_Task instructions_
Write the lines below out exactly, dropping each picture.
▼▼▼
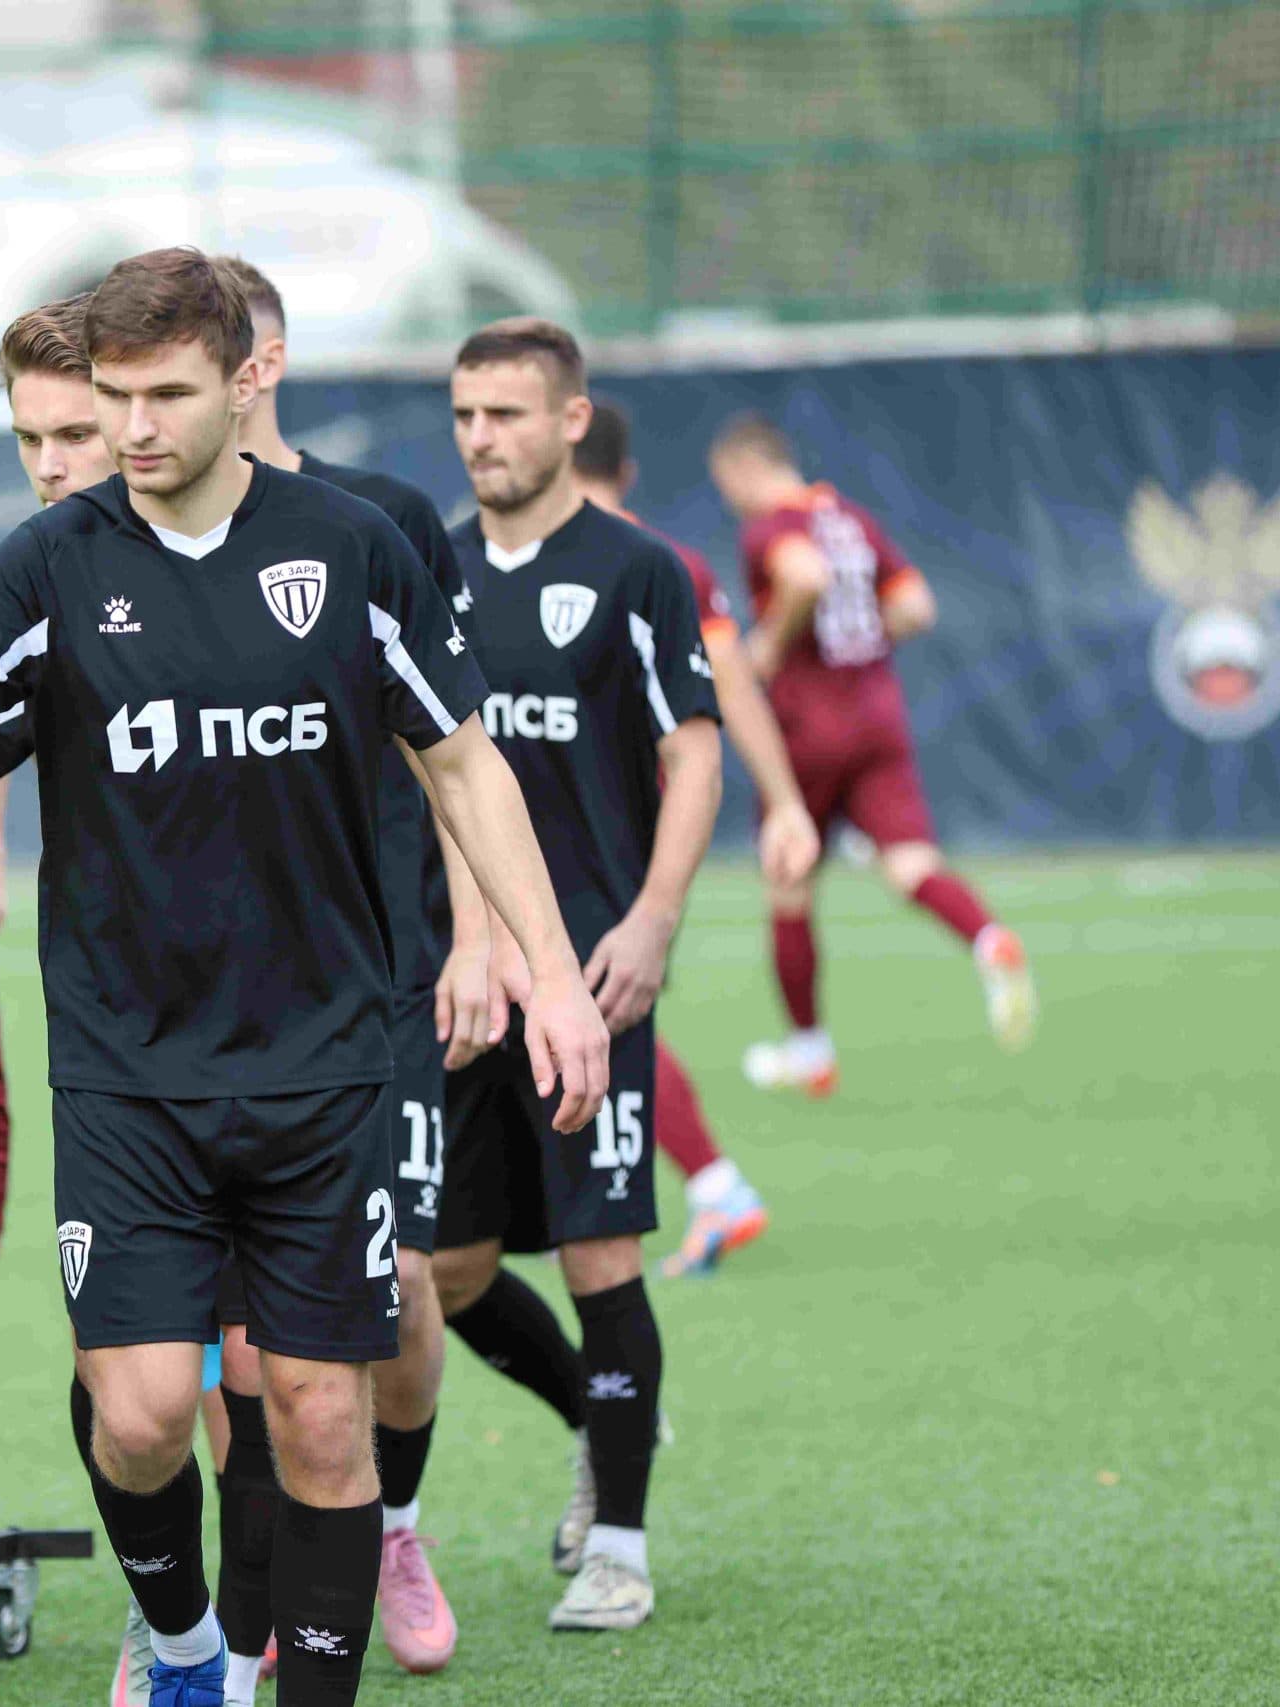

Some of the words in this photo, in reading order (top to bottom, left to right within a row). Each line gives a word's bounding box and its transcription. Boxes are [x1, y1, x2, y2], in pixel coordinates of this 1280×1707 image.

[267, 570, 284, 580] ФК
[288, 565, 318, 575] ЗАРЯ
[98, 622, 142, 633] KELME
[199, 702, 328, 757] ПСБ
[482, 692, 578, 742] ПСБ
[398, 1100, 444, 1186] 11
[590, 1090, 643, 1168] 15
[366, 1188, 398, 1278] 2
▲▲▲
_Response to the task_
Some of the words in this photo, in reading order (top to bottom, left to right within a row). Each line gives a word's bounding box and its transcription. Boxes are [x1, y1, x2, y2], in pixel coordinates of this 1280×1707 image.

[267, 570, 284, 580] ФК
[288, 565, 318, 575] ЗАРЯ
[98, 622, 142, 633] KELME
[199, 702, 328, 757] ПСБ
[482, 692, 578, 742] ПСБ
[398, 1100, 444, 1186] 11
[590, 1090, 643, 1168] 15
[366, 1188, 398, 1278] 2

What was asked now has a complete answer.